_What is required:_
Only the closing stretch of the material belongs in the answer: the line containing "Some of the text" and every line after it, copied exactly.
Start of Block
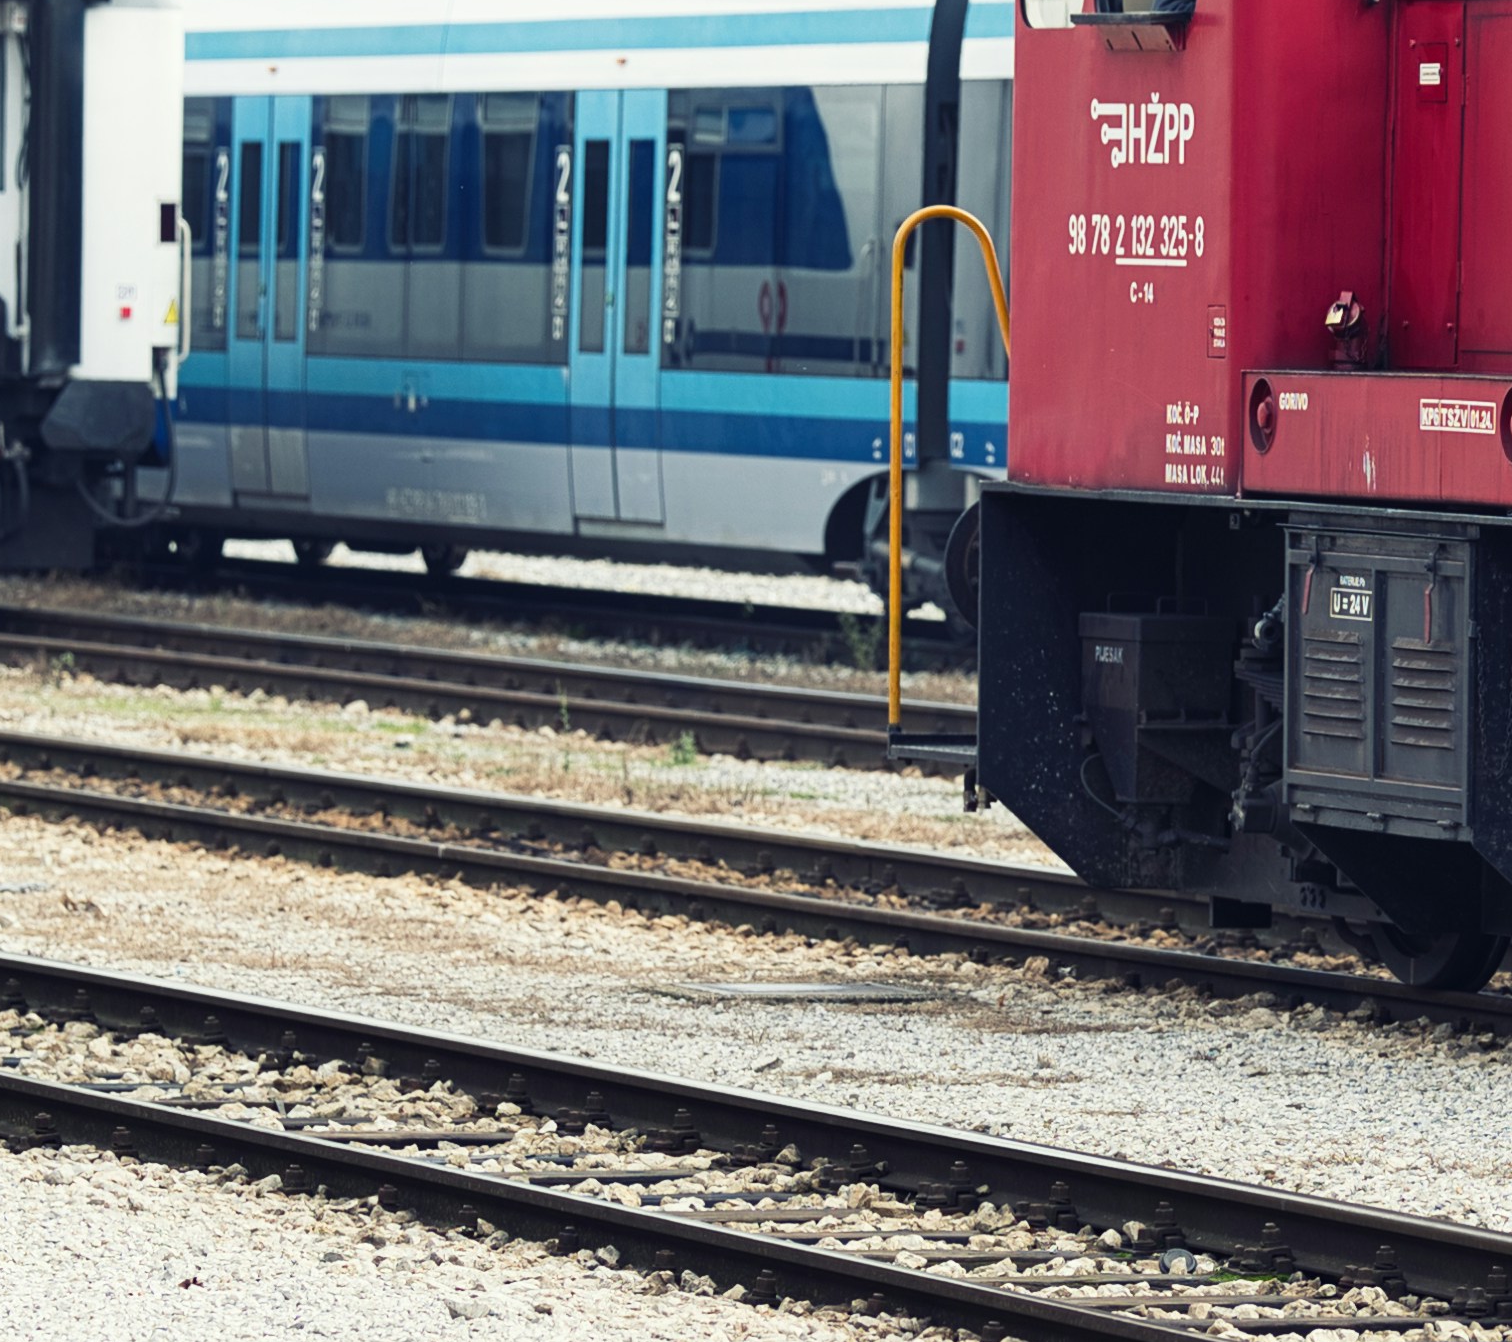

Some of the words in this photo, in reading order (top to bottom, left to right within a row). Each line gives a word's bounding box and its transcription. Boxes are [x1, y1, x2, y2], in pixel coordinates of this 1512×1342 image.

[1128, 92, 1195, 164] HŽPP
[556, 151, 571, 203] 2
[667, 150, 682, 203] 2
[1068, 214, 1087, 255] 98
[1091, 214, 1110, 255] 78
[1115, 214, 1125, 256] 2
[1131, 215, 1155, 256] 132
[1160, 215, 1205, 258] 325-8
[1166, 401, 1184, 425] KOČ.
[1279, 392, 1309, 411] GORIVO
[1440, 405, 1468, 428] TSŽV
[1165, 430, 1183, 455] KOČ.
[1184, 435, 1206, 456] MASA
[1210, 436, 1225, 457] 30t
[1165, 463, 1188, 484] MASA
[1190, 465, 1209, 486] LOK.
[1334, 593, 1341, 613] U
[1095, 645, 1123, 664] PIJESAK
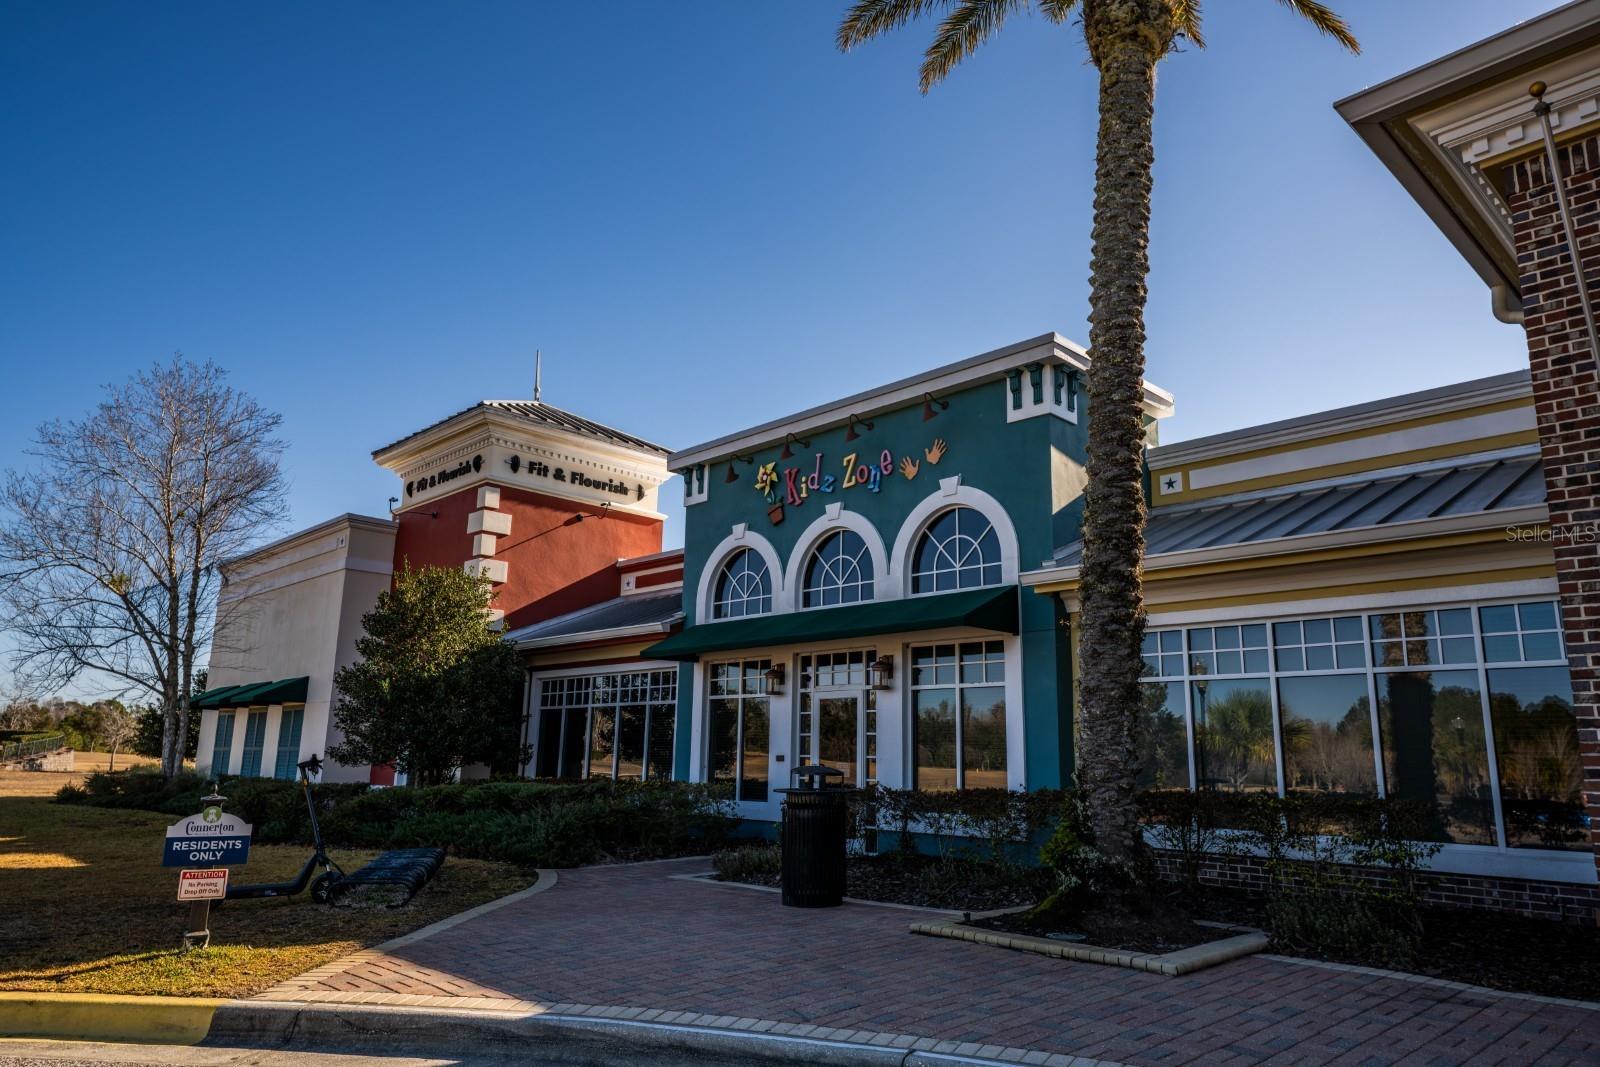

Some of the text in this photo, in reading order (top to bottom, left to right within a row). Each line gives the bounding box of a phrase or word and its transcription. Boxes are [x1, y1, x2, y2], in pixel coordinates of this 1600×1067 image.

[416, 460, 472, 493] Fit & Flourish
[528, 461, 629, 496] Fit & Flourish
[784, 449, 893, 506] Kidz Zone
[186, 821, 234, 835] Connerton
[172, 840, 242, 851] RESIDENTS
[189, 851, 224, 861] ONLY
End of Block
_Answer:_
Some of the text in this photo, in reading order (top to bottom, left to right within a row). Each line gives the bounding box of a phrase or word and its transcription. Boxes are [x1, y1, x2, y2], in pixel coordinates of this 1600×1067 image.

[416, 460, 472, 493] Fit & Flourish
[528, 461, 629, 496] Fit & Flourish
[784, 449, 893, 506] Kidz Zone
[186, 821, 234, 835] Connerton
[172, 840, 242, 851] RESIDENTS
[189, 851, 224, 861] ONLY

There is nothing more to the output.